Work item ::
Omit the images. Copy each entry word for word.

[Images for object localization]
▶

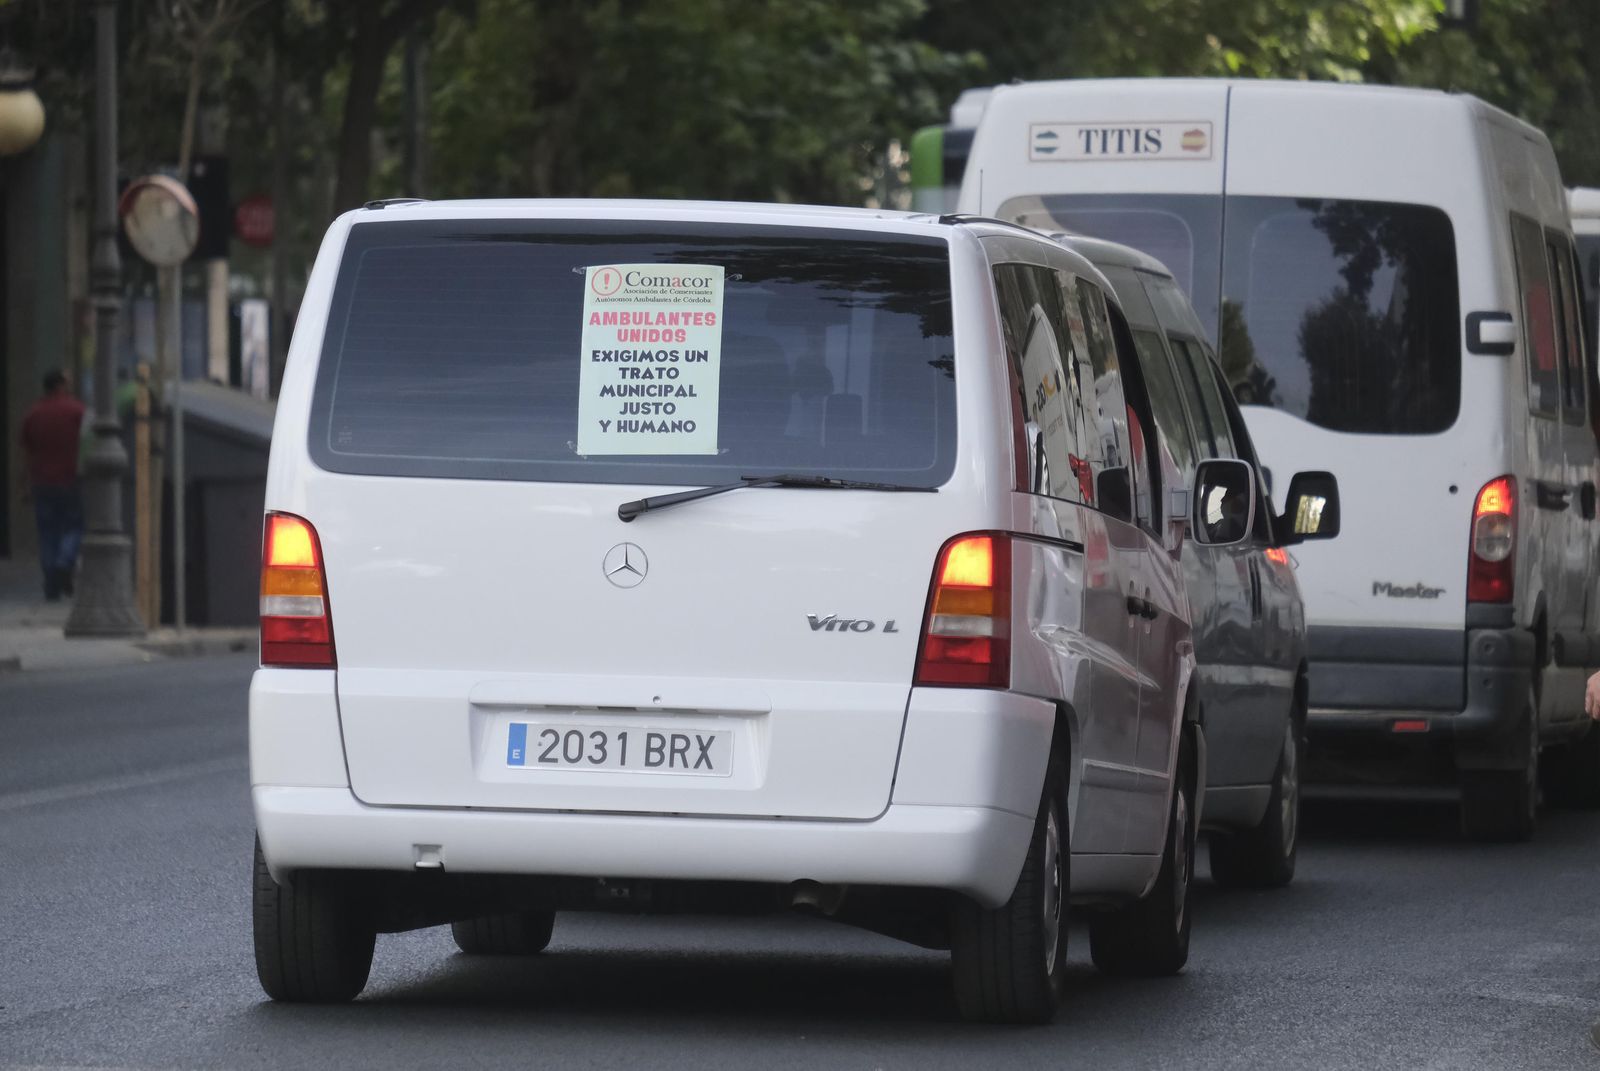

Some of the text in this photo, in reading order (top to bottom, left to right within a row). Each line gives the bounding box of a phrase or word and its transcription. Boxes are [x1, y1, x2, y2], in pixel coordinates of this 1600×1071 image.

[1078, 128, 1162, 154] TITIS
[625, 271, 713, 288] Comacor
[669, 288, 713, 296] Comerciantes
[683, 296, 712, 304] Córdoba
[589, 311, 717, 326] AMBULANTES
[617, 328, 687, 343] UNIDOS
[592, 349, 709, 363] EXIGIMOS UN
[618, 367, 680, 380] TRATO
[599, 384, 698, 398] MUNICIPAL
[619, 402, 677, 415] JUSTO
[598, 419, 697, 434] Y HUMANO
[882, 620, 899, 633] L
[511, 728, 716, 770] E 2031 BRX

◀

Answer for this exercise ::
Some of the text in this photo, in reading order (top to bottom, left to right within a row). Each line gives the bounding box of a phrase or word and its transcription. Boxes are [x1, y1, x2, y2], in pixel coordinates of this 1600×1071 image.

[1078, 128, 1162, 154] TITIS
[625, 271, 713, 288] Comacor
[669, 288, 713, 296] Comerciantes
[683, 296, 712, 304] Córdoba
[589, 311, 717, 326] AMBULANTES
[617, 328, 687, 343] UNIDOS
[592, 349, 709, 363] EXIGIMOS UN
[618, 367, 680, 380] TRATO
[599, 384, 698, 398] MUNICIPAL
[619, 402, 677, 415] JUSTO
[598, 419, 697, 434] Y HUMANO
[882, 620, 899, 633] L
[511, 728, 716, 770] E 2031 BRX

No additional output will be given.